What to do: Whatever the records hold, copy it exactly and completely.

*** Provided data ***

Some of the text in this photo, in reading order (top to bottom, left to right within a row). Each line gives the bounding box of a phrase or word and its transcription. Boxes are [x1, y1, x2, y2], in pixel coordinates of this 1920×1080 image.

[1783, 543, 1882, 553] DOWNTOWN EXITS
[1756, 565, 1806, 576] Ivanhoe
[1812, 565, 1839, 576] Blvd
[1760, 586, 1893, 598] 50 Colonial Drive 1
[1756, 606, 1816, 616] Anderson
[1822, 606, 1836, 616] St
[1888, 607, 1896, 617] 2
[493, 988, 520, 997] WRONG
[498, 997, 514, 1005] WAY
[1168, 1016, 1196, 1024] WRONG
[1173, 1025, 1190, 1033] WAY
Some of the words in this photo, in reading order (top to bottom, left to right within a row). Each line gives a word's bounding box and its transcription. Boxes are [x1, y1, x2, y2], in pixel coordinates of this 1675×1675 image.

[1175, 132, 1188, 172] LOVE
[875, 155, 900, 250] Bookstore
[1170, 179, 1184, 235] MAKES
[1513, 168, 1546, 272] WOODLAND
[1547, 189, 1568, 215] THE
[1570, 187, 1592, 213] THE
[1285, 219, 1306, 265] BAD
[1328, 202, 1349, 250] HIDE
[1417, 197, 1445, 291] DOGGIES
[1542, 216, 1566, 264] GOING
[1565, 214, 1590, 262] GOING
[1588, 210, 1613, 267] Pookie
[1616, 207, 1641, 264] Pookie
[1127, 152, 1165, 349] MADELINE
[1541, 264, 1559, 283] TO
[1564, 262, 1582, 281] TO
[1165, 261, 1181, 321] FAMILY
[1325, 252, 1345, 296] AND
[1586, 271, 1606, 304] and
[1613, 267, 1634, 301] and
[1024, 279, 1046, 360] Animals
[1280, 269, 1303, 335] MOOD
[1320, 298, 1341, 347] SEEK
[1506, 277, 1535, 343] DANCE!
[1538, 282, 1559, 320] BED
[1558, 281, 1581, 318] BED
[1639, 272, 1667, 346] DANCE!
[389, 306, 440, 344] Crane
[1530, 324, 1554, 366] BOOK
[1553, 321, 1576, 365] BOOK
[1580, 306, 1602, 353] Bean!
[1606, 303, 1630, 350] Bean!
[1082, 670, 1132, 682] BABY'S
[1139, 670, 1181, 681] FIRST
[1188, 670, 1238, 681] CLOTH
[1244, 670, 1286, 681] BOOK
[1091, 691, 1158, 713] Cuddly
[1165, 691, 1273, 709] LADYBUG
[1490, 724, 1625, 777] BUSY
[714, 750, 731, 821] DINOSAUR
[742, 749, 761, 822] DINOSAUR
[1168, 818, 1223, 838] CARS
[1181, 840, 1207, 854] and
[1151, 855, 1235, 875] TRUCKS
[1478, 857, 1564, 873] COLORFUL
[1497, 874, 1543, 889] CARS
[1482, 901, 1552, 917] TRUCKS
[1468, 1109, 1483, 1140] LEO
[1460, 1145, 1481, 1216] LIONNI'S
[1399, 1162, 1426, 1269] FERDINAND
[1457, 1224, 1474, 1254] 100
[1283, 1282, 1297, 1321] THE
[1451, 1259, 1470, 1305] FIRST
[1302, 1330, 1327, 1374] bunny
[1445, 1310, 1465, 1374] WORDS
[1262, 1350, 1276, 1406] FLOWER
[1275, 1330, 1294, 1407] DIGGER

*** End of Provided data ***

Written answer:
Some of the text in this photo, in reading order (top to bottom, left to right within a row). Each line gives the bounding box of a phrase or word and its transcription. Boxes are [x1, y1, x2, y2], in pixel coordinates of this 1920×1080 image.

[1783, 543, 1882, 553] DOWNTOWN EXITS
[1756, 565, 1806, 576] Ivanhoe
[1812, 565, 1839, 576] Blvd
[1760, 586, 1893, 598] 50 Colonial Drive 1
[1756, 606, 1816, 616] Anderson
[1822, 606, 1836, 616] St
[1888, 607, 1896, 617] 2
[493, 988, 520, 997] WRONG
[498, 997, 514, 1005] WAY
[1168, 1016, 1196, 1024] WRONG
[1173, 1025, 1190, 1033] WAY
Some of the words in this photo, in reading order (top to bottom, left to right within a row). Each line gives a word's bounding box and its transcription. Boxes are [x1, y1, x2, y2], in pixel coordinates of this 1675×1675 image.

[1175, 132, 1188, 172] LOVE
[875, 155, 900, 250] Bookstore
[1170, 179, 1184, 235] MAKES
[1513, 168, 1546, 272] WOODLAND
[1547, 189, 1568, 215] THE
[1570, 187, 1592, 213] THE
[1285, 219, 1306, 265] BAD
[1328, 202, 1349, 250] HIDE
[1417, 197, 1445, 291] DOGGIES
[1542, 216, 1566, 264] GOING
[1565, 214, 1590, 262] GOING
[1588, 210, 1613, 267] Pookie
[1616, 207, 1641, 264] Pookie
[1127, 152, 1165, 349] MADELINE
[1541, 264, 1559, 283] TO
[1564, 262, 1582, 281] TO
[1165, 261, 1181, 321] FAMILY
[1325, 252, 1345, 296] AND
[1586, 271, 1606, 304] and
[1613, 267, 1634, 301] and
[1024, 279, 1046, 360] Animals
[1280, 269, 1303, 335] MOOD
[1320, 298, 1341, 347] SEEK
[1506, 277, 1535, 343] DANCE!
[1538, 282, 1559, 320] BED
[1558, 281, 1581, 318] BED
[1639, 272, 1667, 346] DANCE!
[389, 306, 440, 344] Crane
[1530, 324, 1554, 366] BOOK
[1553, 321, 1576, 365] BOOK
[1580, 306, 1602, 353] Bean!
[1606, 303, 1630, 350] Bean!
[1082, 670, 1132, 682] BABY'S
[1139, 670, 1181, 681] FIRST
[1188, 670, 1238, 681] CLOTH
[1244, 670, 1286, 681] BOOK
[1091, 691, 1158, 713] Cuddly
[1165, 691, 1273, 709] LADYBUG
[1490, 724, 1625, 777] BUSY
[714, 750, 731, 821] DINOSAUR
[742, 749, 761, 822] DINOSAUR
[1168, 818, 1223, 838] CARS
[1181, 840, 1207, 854] and
[1151, 855, 1235, 875] TRUCKS
[1478, 857, 1564, 873] COLORFUL
[1497, 874, 1543, 889] CARS
[1482, 901, 1552, 917] TRUCKS
[1468, 1109, 1483, 1140] LEO
[1460, 1145, 1481, 1216] LIONNI'S
[1399, 1162, 1426, 1269] FERDINAND
[1457, 1224, 1474, 1254] 100
[1283, 1282, 1297, 1321] THE
[1451, 1259, 1470, 1305] FIRST
[1302, 1330, 1327, 1374] bunny
[1445, 1310, 1465, 1374] WORDS
[1262, 1350, 1276, 1406] FLOWER
[1275, 1330, 1294, 1407] DIGGER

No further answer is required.